_Input for this task_:
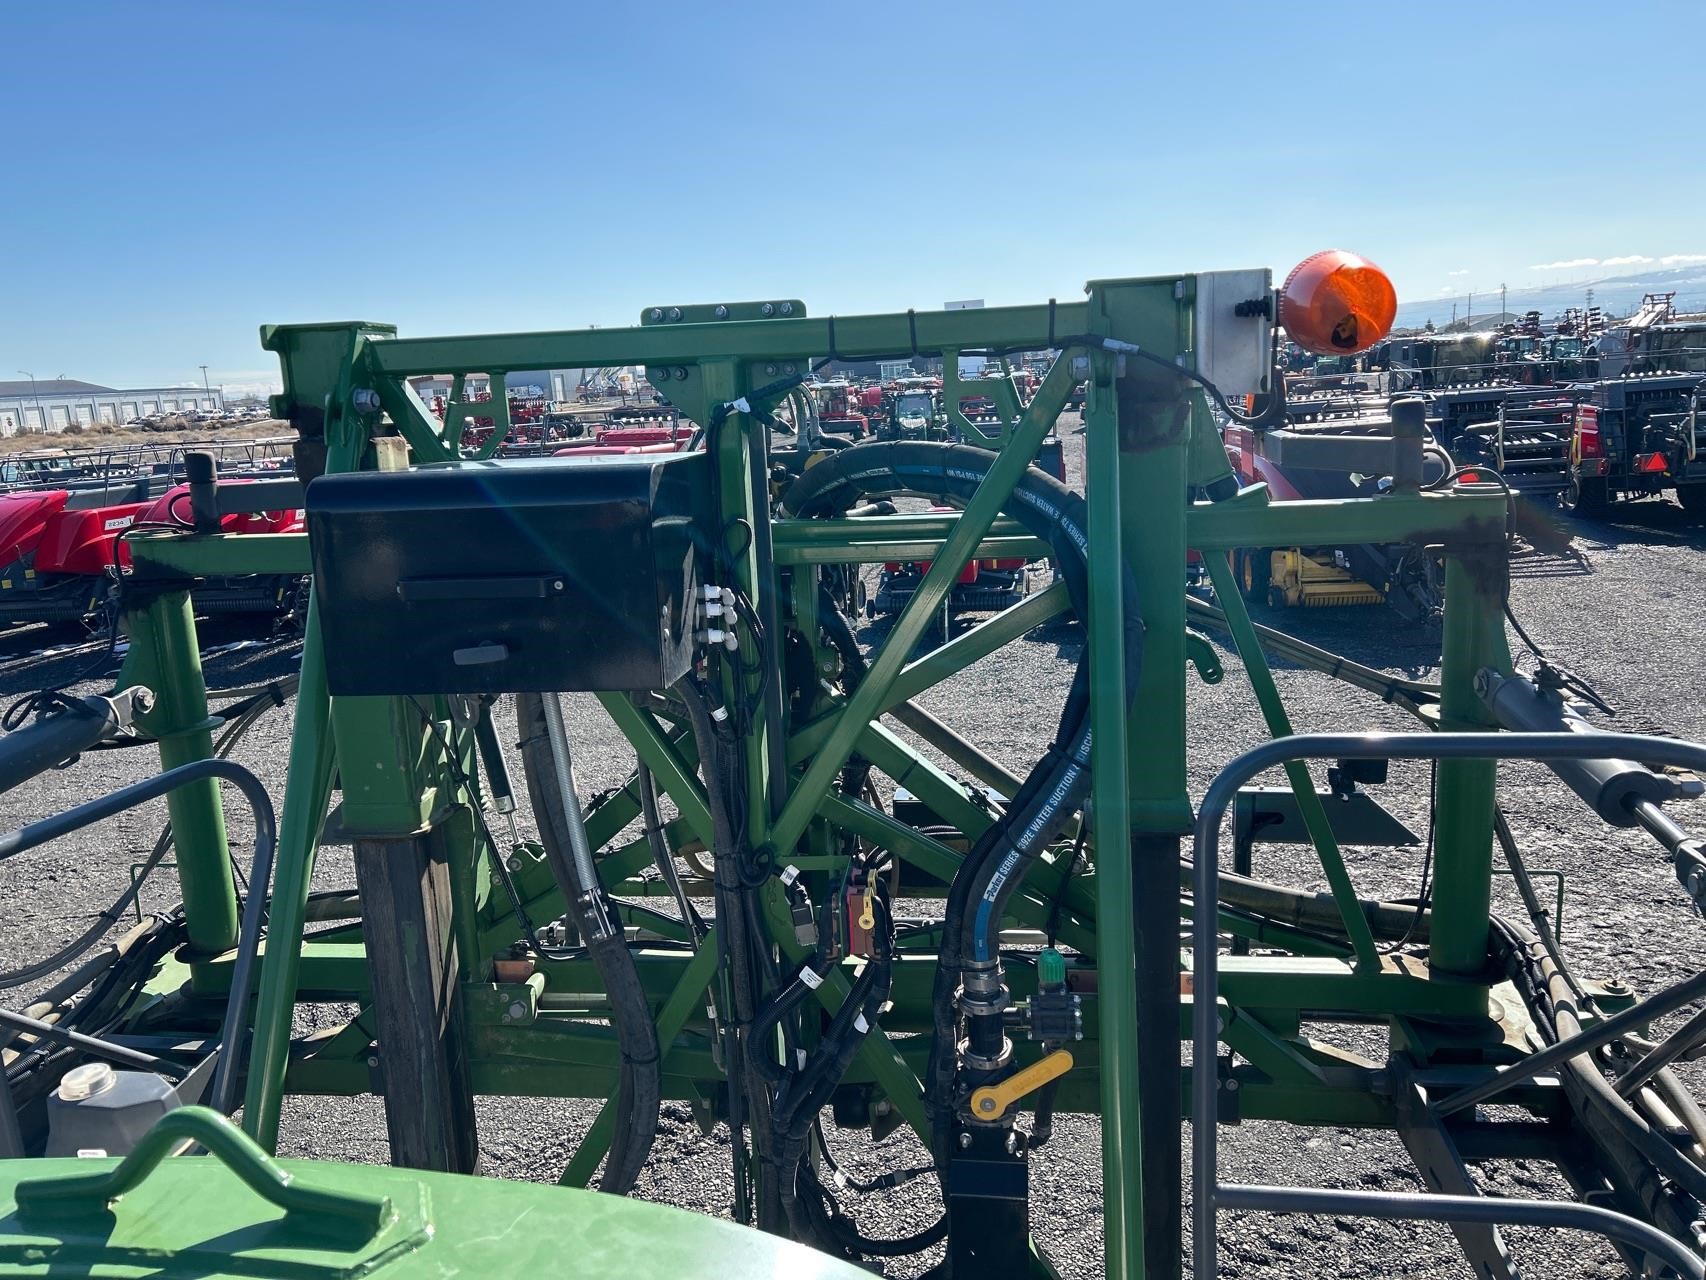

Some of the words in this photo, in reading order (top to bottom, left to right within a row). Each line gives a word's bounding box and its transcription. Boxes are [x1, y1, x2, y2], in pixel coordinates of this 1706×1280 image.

[1036, 497, 1054, 516] WATER
[986, 872, 1006, 900] Parker
[999, 849, 1020, 875] SERIES
[1030, 804, 1054, 832] WATER
[1049, 769, 1077, 806] SUCTION
[1076, 728, 1093, 761] DISCH

_Work request_:
Return the material in full, word for word, and skip the pictures.

_Finished task_:
Some of the words in this photo, in reading order (top to bottom, left to right within a row). Each line gives a word's bounding box and its transcription. Boxes are [x1, y1, x2, y2], in pixel coordinates of this 1706×1280 image.

[1036, 497, 1054, 516] WATER
[986, 872, 1006, 900] Parker
[999, 849, 1020, 875] SERIES
[1030, 804, 1054, 832] WATER
[1049, 769, 1077, 806] SUCTION
[1076, 728, 1093, 761] DISCH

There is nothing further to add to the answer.